EXERCISE BRIEF
Skip the pictures and give back the rest of the listing exactly.

BEGIN

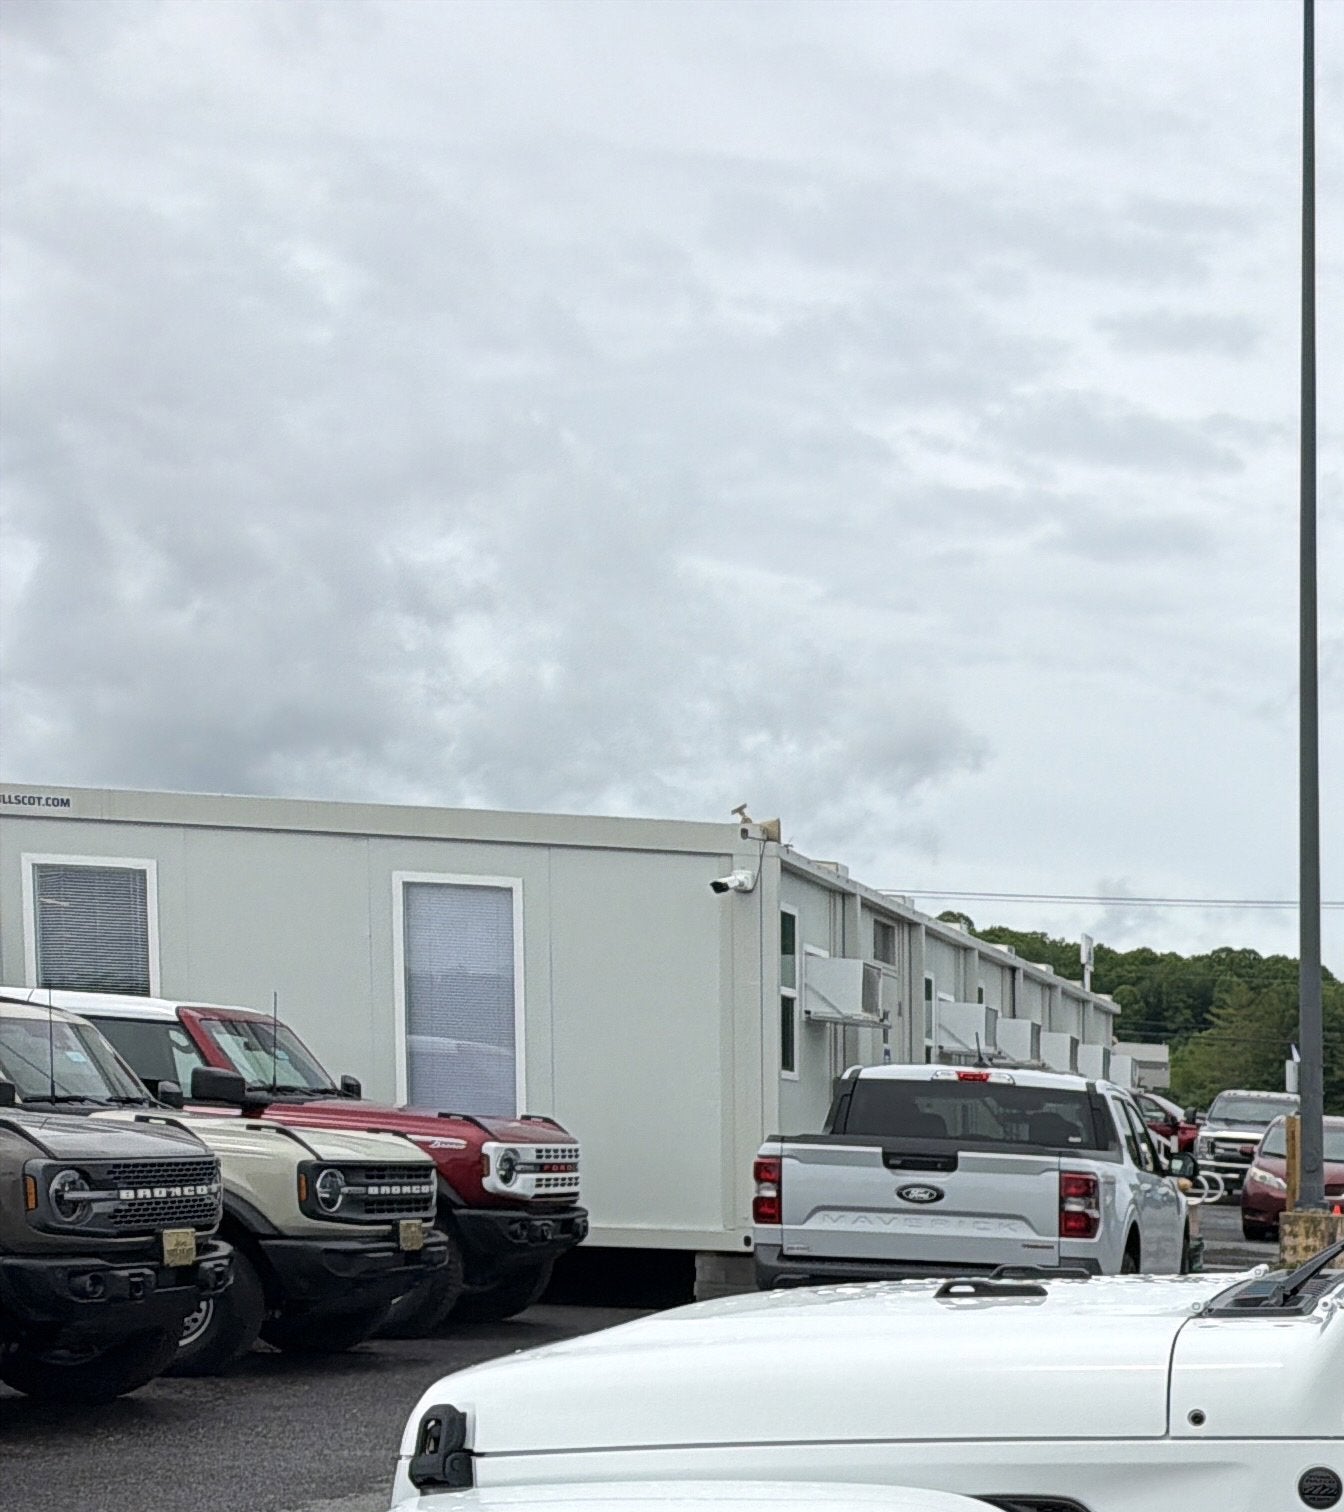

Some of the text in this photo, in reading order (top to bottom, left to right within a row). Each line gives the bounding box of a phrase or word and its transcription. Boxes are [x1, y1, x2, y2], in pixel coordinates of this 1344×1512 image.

[119, 1185, 209, 1201] BRONCO
[367, 1185, 430, 1195] BRONCO
[822, 1214, 1019, 1232] MAVERICK
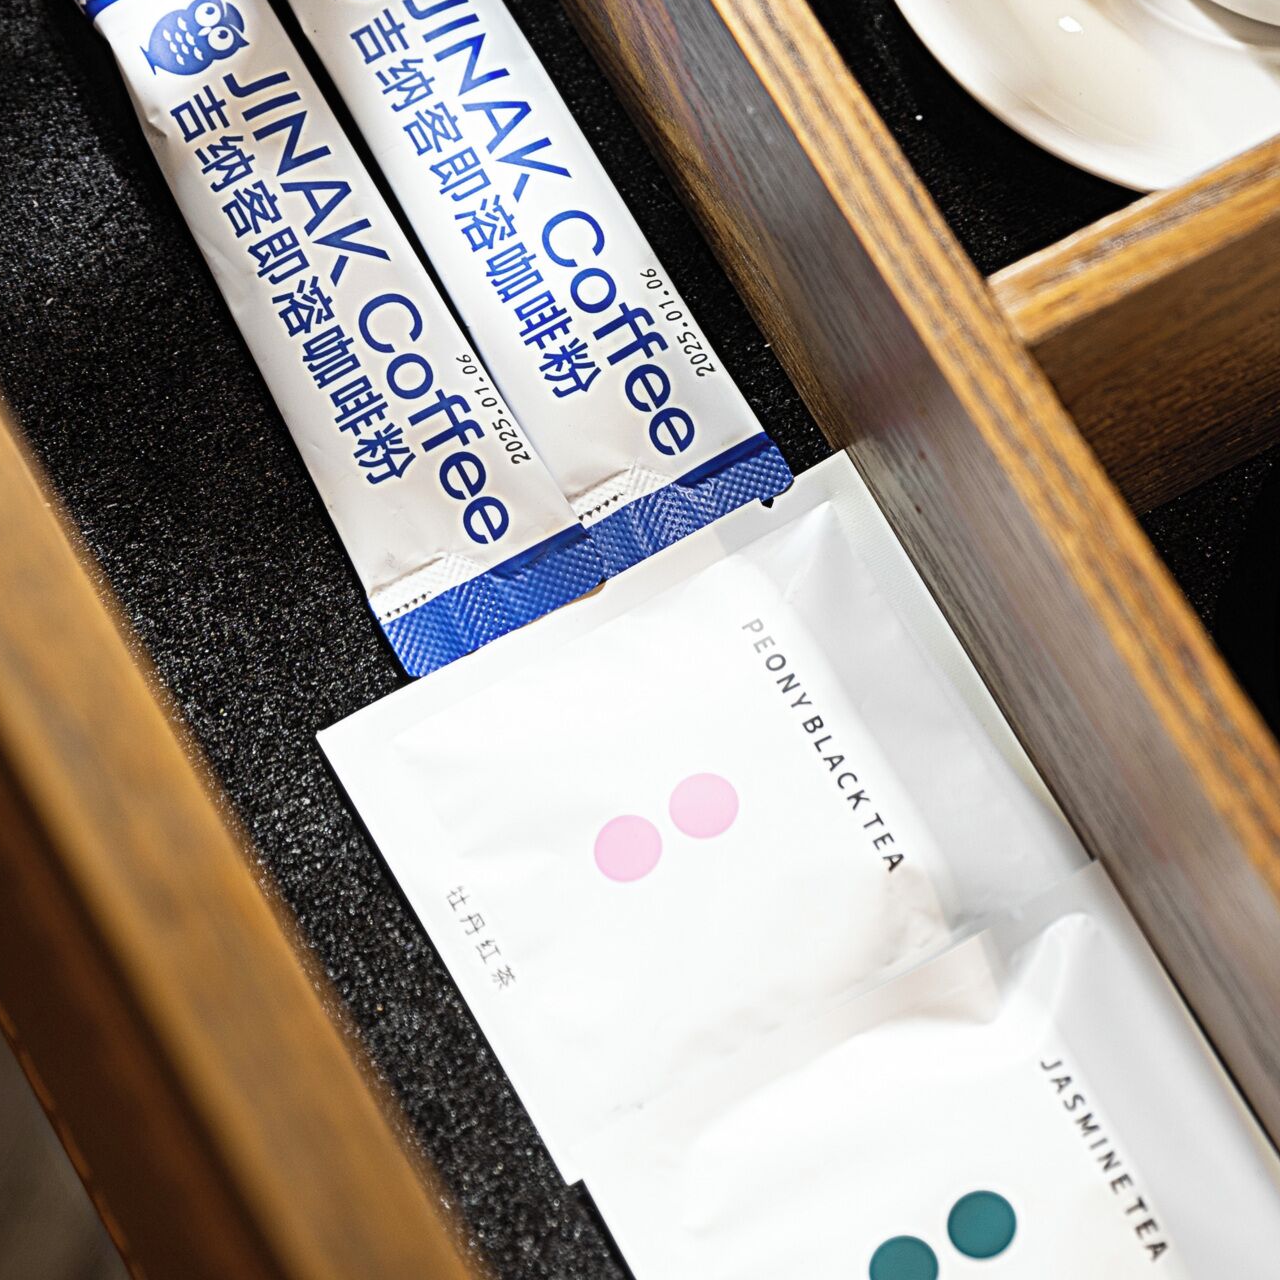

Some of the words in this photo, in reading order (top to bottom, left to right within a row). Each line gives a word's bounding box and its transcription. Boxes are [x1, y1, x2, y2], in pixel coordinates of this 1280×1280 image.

[169, 84, 420, 486] 吉纳客即溶咖啡粉
[222, 71, 391, 286] JINAK
[358, 292, 510, 546] Coffee
[349, 8, 602, 398] 吉纳客即溶咖啡粉
[640, 268, 717, 378] 2025.01.06
[455, 354, 532, 465] 2025.01.06
[541, 209, 696, 457] Coffee
[741, 616, 814, 713] PEONY
[801, 714, 871, 812] BLACK
[862, 812, 906, 874] TEA
[1040, 1058, 1134, 1196] JASMINE
[1124, 1195, 1170, 1262] TEA
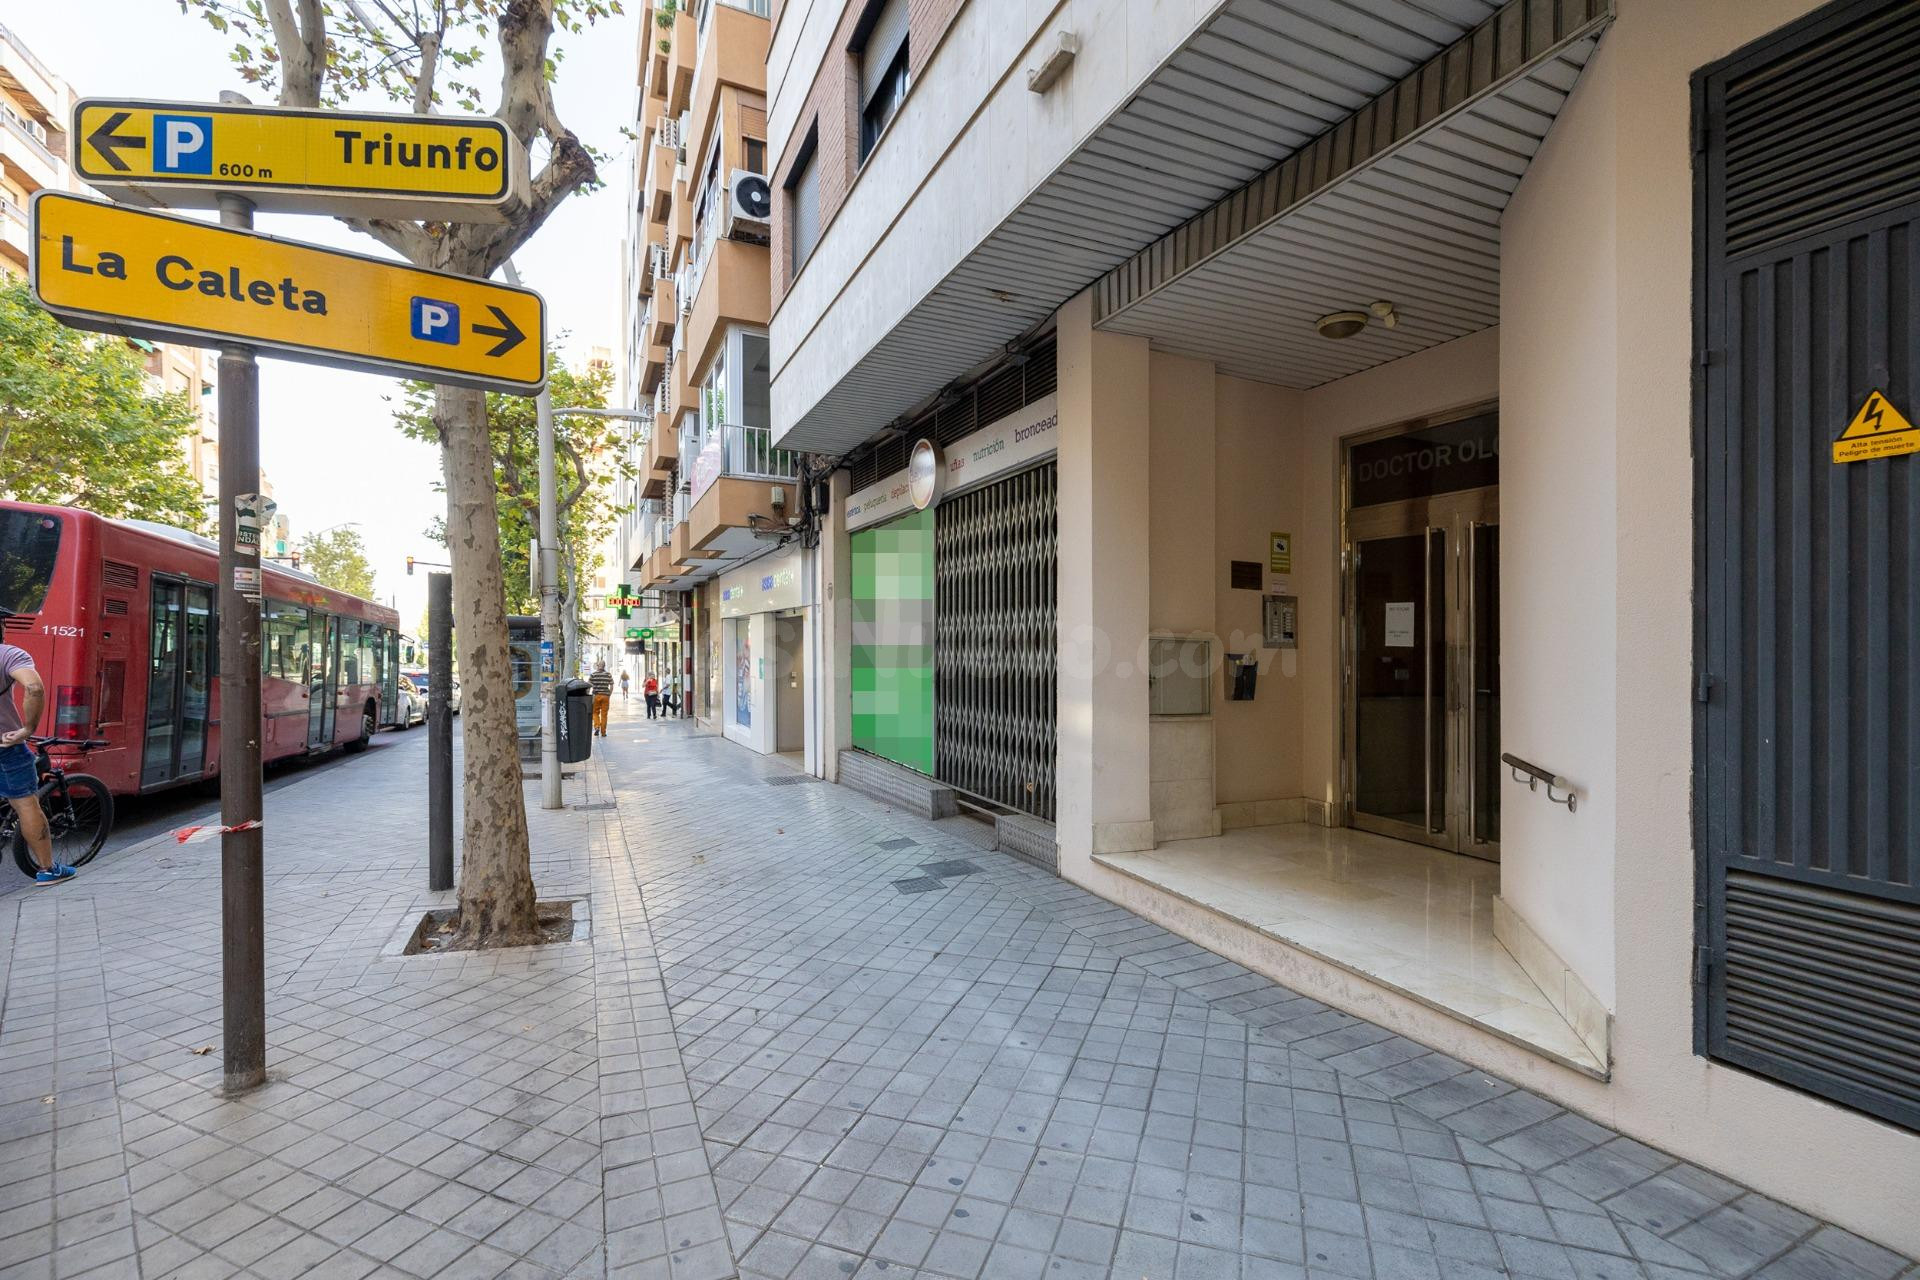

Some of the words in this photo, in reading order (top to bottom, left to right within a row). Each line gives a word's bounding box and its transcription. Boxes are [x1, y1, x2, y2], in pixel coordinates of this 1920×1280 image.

[166, 121, 206, 169] P
[219, 163, 254, 178] 600
[258, 167, 273, 179] m
[334, 130, 499, 172] Triunfo
[61, 235, 128, 281] La
[155, 255, 328, 317] Caleta
[421, 303, 450, 335] P
[1014, 408, 1057, 443] broncead
[1359, 445, 1451, 482] DOCTOR
[1839, 449, 1869, 457] Peligro
[1883, 442, 1915, 450] muerte
[42, 625, 84, 637] 11521

END

EXERCISE RESPONSE
Some of the text in this photo, in reading order (top to bottom, left to right within a row). Each line gives the bounding box of a phrase or word and its transcription. Boxes are [x1, y1, x2, y2], in pixel coordinates of this 1344×1512 image.

[119, 1185, 209, 1201] BRONCO
[367, 1185, 430, 1195] BRONCO
[822, 1214, 1019, 1232] MAVERICK

Some of the words in this photo, in reading order (top to bottom, left to right within a row). Each line gives a word's bounding box and its transcription. Boxes are [x1, y1, x2, y2], in pixel coordinates of this 1280×1280 image.

[169, 84, 420, 486] 吉纳客即溶咖啡粉
[222, 71, 391, 286] JINAK
[358, 292, 510, 546] Coffee
[349, 8, 602, 398] 吉纳客即溶咖啡粉
[640, 268, 717, 378] 2025.01.06
[455, 354, 532, 465] 2025.01.06
[541, 209, 696, 457] Coffee
[741, 616, 814, 713] PEONY
[801, 714, 871, 812] BLACK
[862, 812, 906, 874] TEA
[1040, 1058, 1134, 1196] JASMINE
[1124, 1195, 1170, 1262] TEA

Some of the words in this photo, in reading order (top to bottom, left to right within a row). Each line gives a word's bounding box and its transcription. Boxes are [x1, y1, x2, y2], in pixel coordinates of this 1920×1280 image.

[166, 121, 206, 169] P
[219, 163, 254, 178] 600
[258, 167, 273, 179] m
[334, 130, 499, 172] Triunfo
[61, 235, 128, 281] La
[155, 255, 328, 317] Caleta
[421, 303, 450, 335] P
[1014, 408, 1057, 443] broncead
[1359, 445, 1451, 482] DOCTOR
[1839, 449, 1869, 457] Peligro
[1883, 442, 1915, 450] muerte
[42, 625, 84, 637] 11521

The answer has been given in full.